While my fears about the toxicity of the Nigerian social media space remain valid, I have enjoyed my time on Twitter, and in the process, even gained some 57,000 followers. Beyond posting my column every Thursday, I avoid ‘Political Twitter’ so I am a marginal player on the platform. But I have cultivated my own space. I like to know what the neighbours of Baba Samu’s wife, aka Iyalaya (@lollylarry1) are doing behind the curtains within and outside their apartments, I have a ringside seat at the radio station of the Cinderella Man (@osi¬¬¬_Suave) to defend, with all aluta brutality, the interest of ‘Sharon from Marketing’, I take judicial notice of how Irene (@cremechic11) has transferred her ‘love for short men’ from Kenya to Nigeria and @biolakazeem never ceases to entertain with the way he goes after OGS who took over from his friend, ‘The Special One’ at Old Trafford. Since Aguntasolo (@DoubleEph) has stopped throwing his usual bazookas, I now watch ‘with one eye’ as ‘Daddy Wa’ (@mrmacaroni1) encounters all the ‘omo komo’ in Lagos and environ and, like Charles (@9jabloke) and all Arsenal fans, our longsuffering has been made bearable by the occasional banters we share on Twitter to drown our disappointment.

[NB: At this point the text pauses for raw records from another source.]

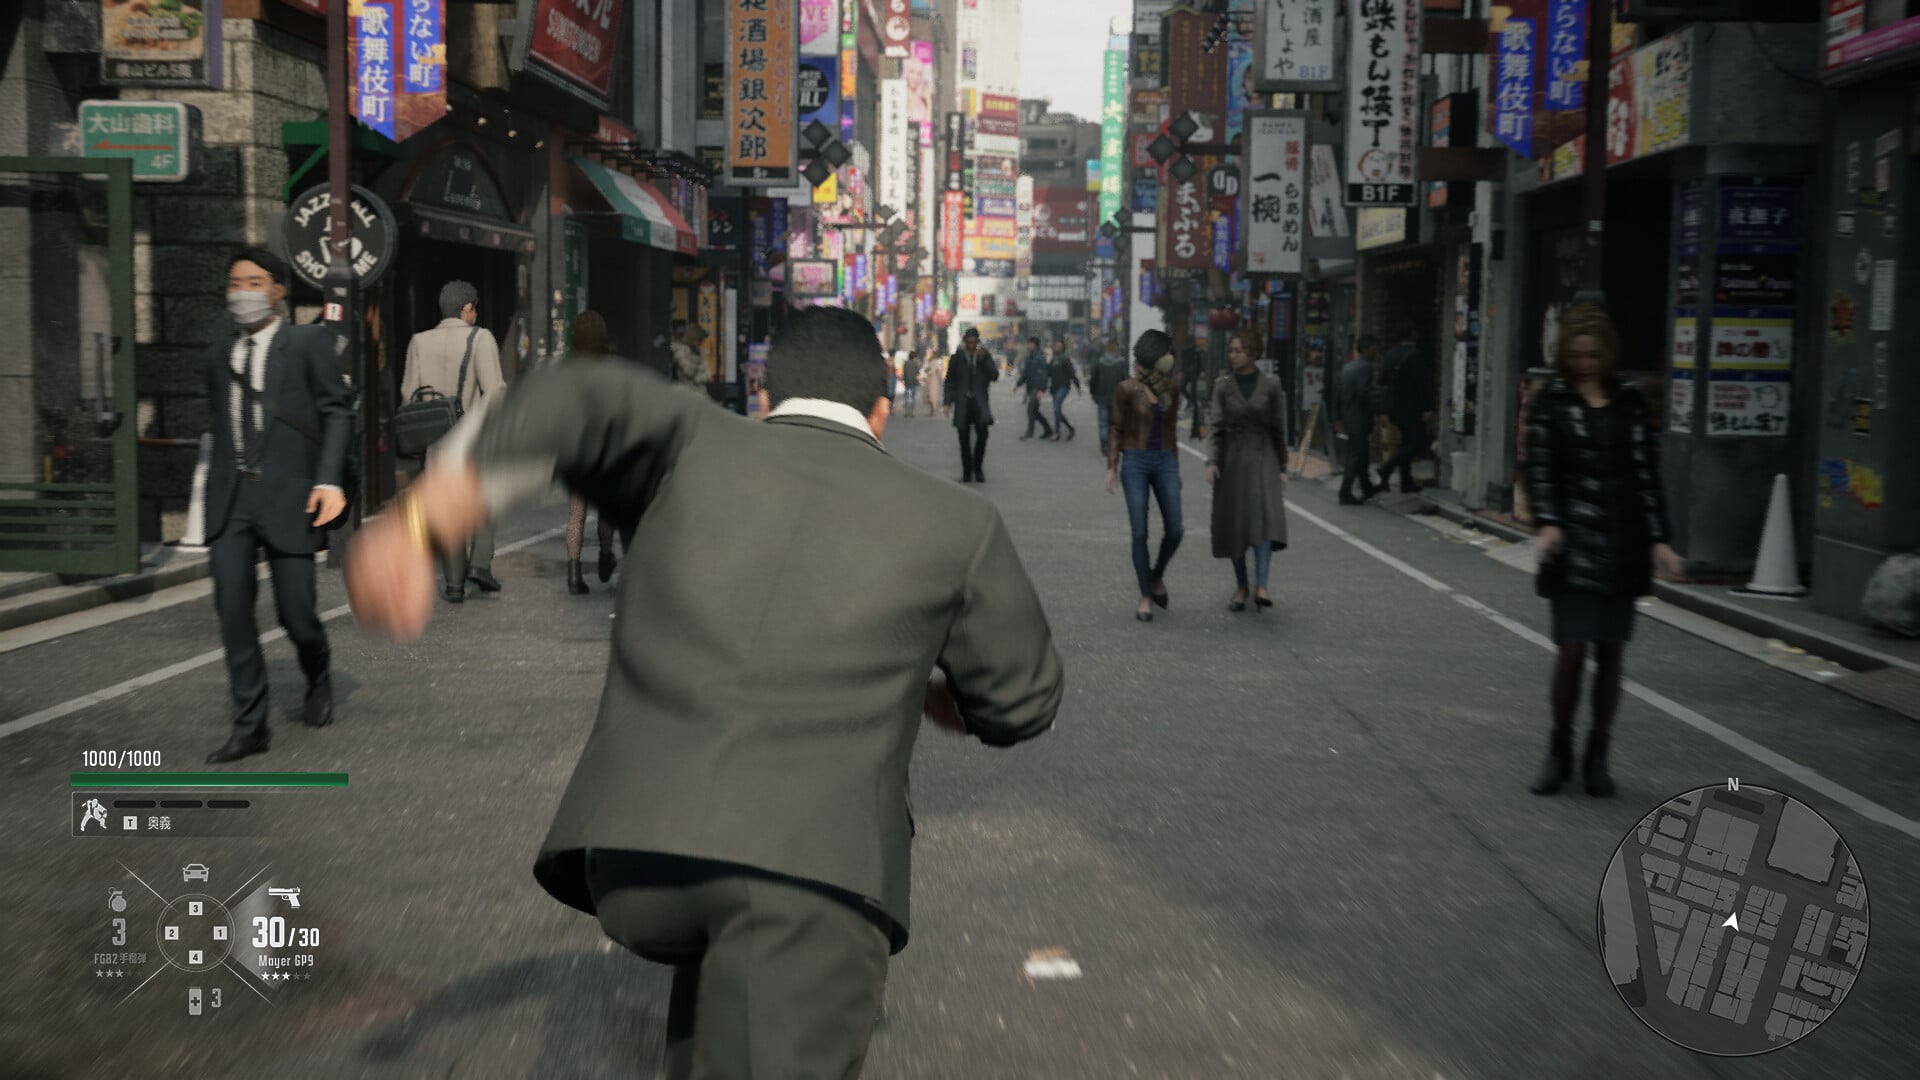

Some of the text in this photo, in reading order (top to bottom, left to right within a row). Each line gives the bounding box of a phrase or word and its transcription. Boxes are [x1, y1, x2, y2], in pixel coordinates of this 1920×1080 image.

[799, 7, 828, 21] VE
[1303, 0, 1322, 47] 酒屋
[361, 6, 389, 122] 歌舞伎町
[1549, 0, 1577, 105] らない町
[1299, 65, 1328, 80] B1F
[1498, 21, 1531, 141] 歌舞伎町
[87, 112, 176, 135] 大山歯科
[151, 154, 175, 169] 4F
[1362, 185, 1399, 200] B1F
[294, 193, 331, 228] JAZZ

However, the space I enjoy most is the one created by Mrs Hadiza Isma El-Rufai in December 2019 to teach English language. What transpires there, even though I am one of the protagonists, is a reminder of ‘Mind Your Language’, a British sitcom of the seventies and eighties which depicted an adult education classroom where people from different countries and diverse social and ethno-religious backgrounds shared the same classroom to learn English as a foreign language. With the #Kaduna Language Class, Mrs El-Rufai generates fun while at the same time imparting knowledge. She recently compiled her Twitter teachings into a book, and I got an autographed copy addressed to “the naughtiest boy in #KLClass” with a pledge to “continue praying” for me.

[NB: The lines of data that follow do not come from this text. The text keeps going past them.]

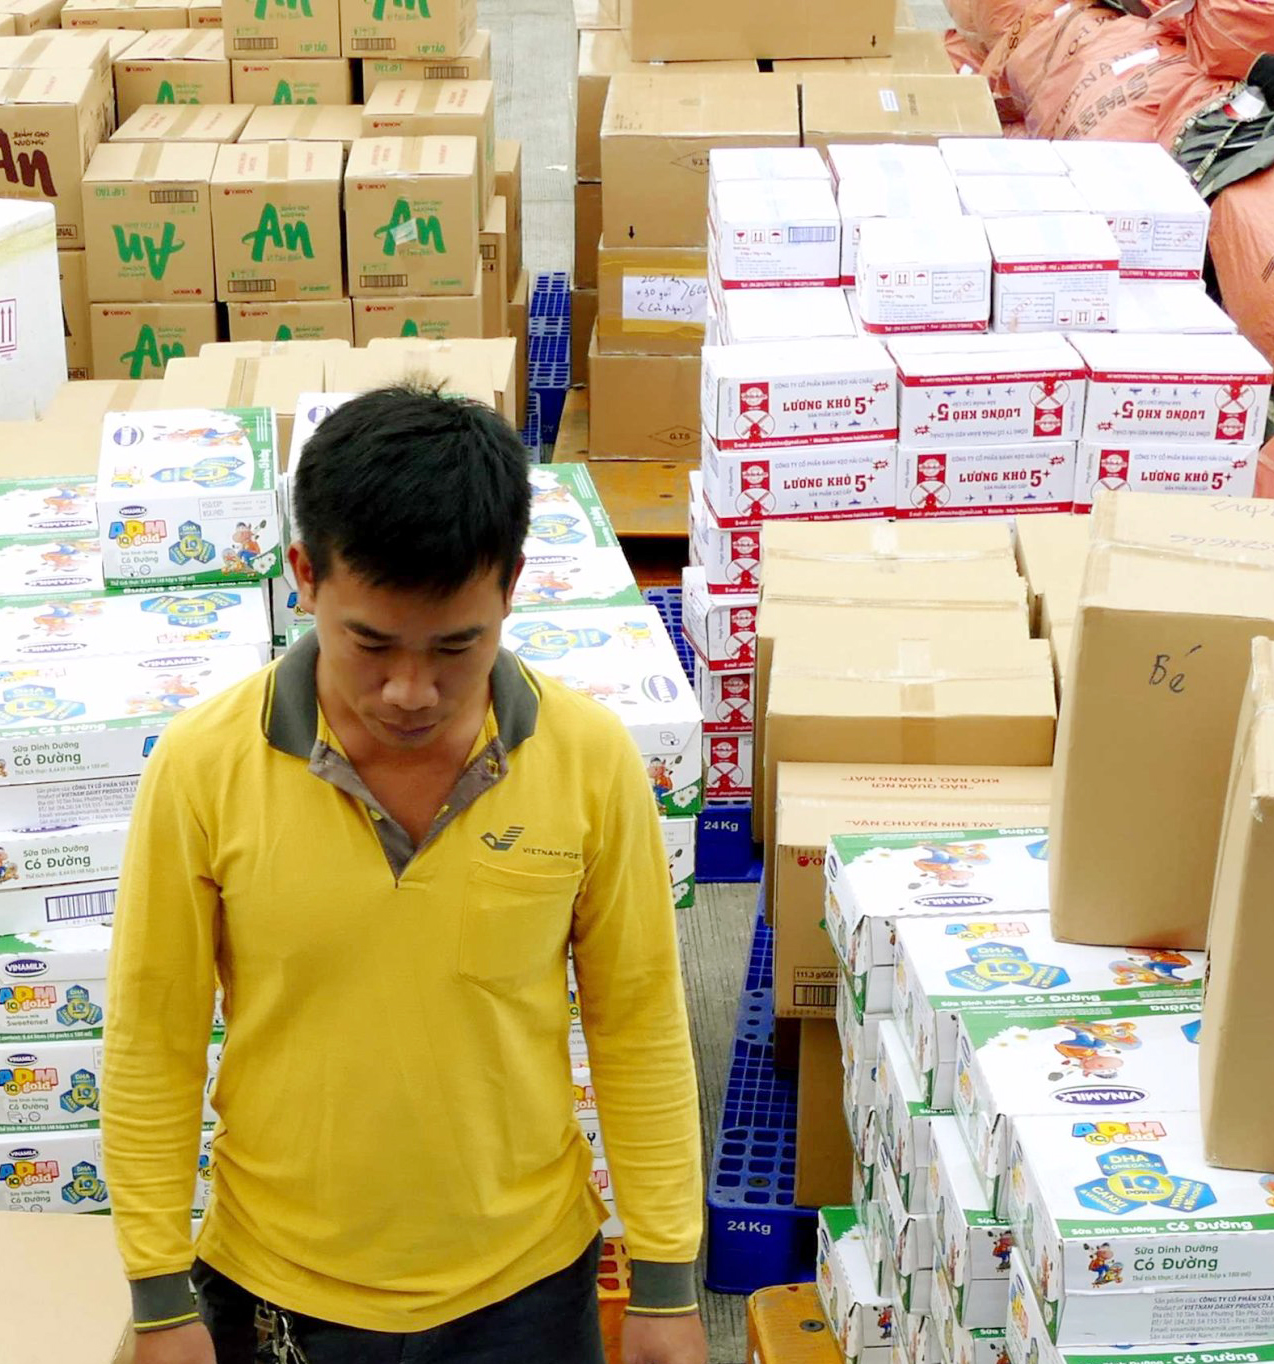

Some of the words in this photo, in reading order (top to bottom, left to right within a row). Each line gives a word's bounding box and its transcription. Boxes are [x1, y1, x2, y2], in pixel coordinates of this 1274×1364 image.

[242, 203, 314, 262] An
[374, 196, 446, 256] An
[112, 222, 185, 280] An
[783, 400, 822, 412] LƯƠNG
[827, 398, 851, 409] KHÔ
[953, 409, 977, 420] KHÔ
[982, 407, 1021, 420] LƯƠNG
[1137, 409, 1161, 420] KHÔ
[1166, 409, 1205, 421] LƯƠNG
[959, 470, 998, 483] LƯƠNG
[1003, 469, 1027, 481] KHÔ
[1141, 469, 1180, 482] LƯƠNG
[1184, 471, 1209, 482] KHÔ
[784, 478, 822, 490] LƯƠNG
[827, 476, 851, 486] KHÔ
[13, 745, 28, 753] Sữa
[31, 743, 50, 751] Dinh
[52, 741, 79, 750] Dưỡng
[14, 753, 31, 766] Có
[36, 752, 81, 765] Đường
[23, 850, 39, 858] Sữa
[41, 848, 60, 856] Dinh
[63, 844, 89, 854] Dưỡng
[522, 847, 560, 857] VIETNAM
[25, 858, 41, 871] Có
[47, 856, 91, 870] Đường
[917, 896, 991, 907] VINAMILK
[6, 961, 46, 973] VINAMILK
[23, 999, 50, 1013] gold
[22, 1081, 52, 1094] gold
[1056, 1092, 1145, 1104] VINAMILK
[1109, 1154, 1150, 1163] DHA
[24, 1173, 53, 1186] gold
[1071, 1227, 1093, 1235] Sữa
[1122, 1225, 1156, 1234] Dưỡng
[1166, 1220, 1190, 1231] Có
[1194, 1220, 1253, 1230] Đường
[1134, 1245, 1154, 1256] Sữa
[1158, 1245, 1181, 1254] Dinh
[1185, 1244, 1218, 1254] Dưỡng
[1134, 1257, 1155, 1271] Có
[1162, 1256, 1218, 1271] Đường
[1202, 1350, 1258, 1364] Đường

An architect by profession, Mrs El-Rufai has already authored an interesting novel, ‘An Abundance of Scorpions’. But this book is different. Small and easy to read, it highlights some of the basic errors people make, either when speaking or writing in English language.
While the foreword by Kola Tubosun sums up the significance of the book, Mrs El-Rufai explains why she wrote it: “I am not a graduate of English language; neither am I a linguist. I am just someone who believes that every language should be respected enough to be spoken and written properly.”
Whenever the federal government is ‘magnanimous’ enough to unban Twitter in Nigeria, I will resume to take my SIT in the class!
On Monday, PUNCH Metro published a very revealing story of a 28-year-old man in Gombe State, Umar Abubakar, who reportedly spent over seven hours on a telecoms mast, threatening to kill himself. Abubakar had climbed to the top of the mast located at Checheniya within the Gombe metropolis around 7am and refused to come down despite entreaties from security agents and the local government chairman, Aliyu Haruna. He insisted that only Governor Darius Ishaku could make him come down until his friend, Aladeen Mohammed, eventually showed up. He persuaded Abubakar to come down by, in his own words, “offering him a cigarette and tramadol.” It is very telling that Abubakar’s friend knew what to prescribe to solve a problem of attempted suicide. More importantly, it worked!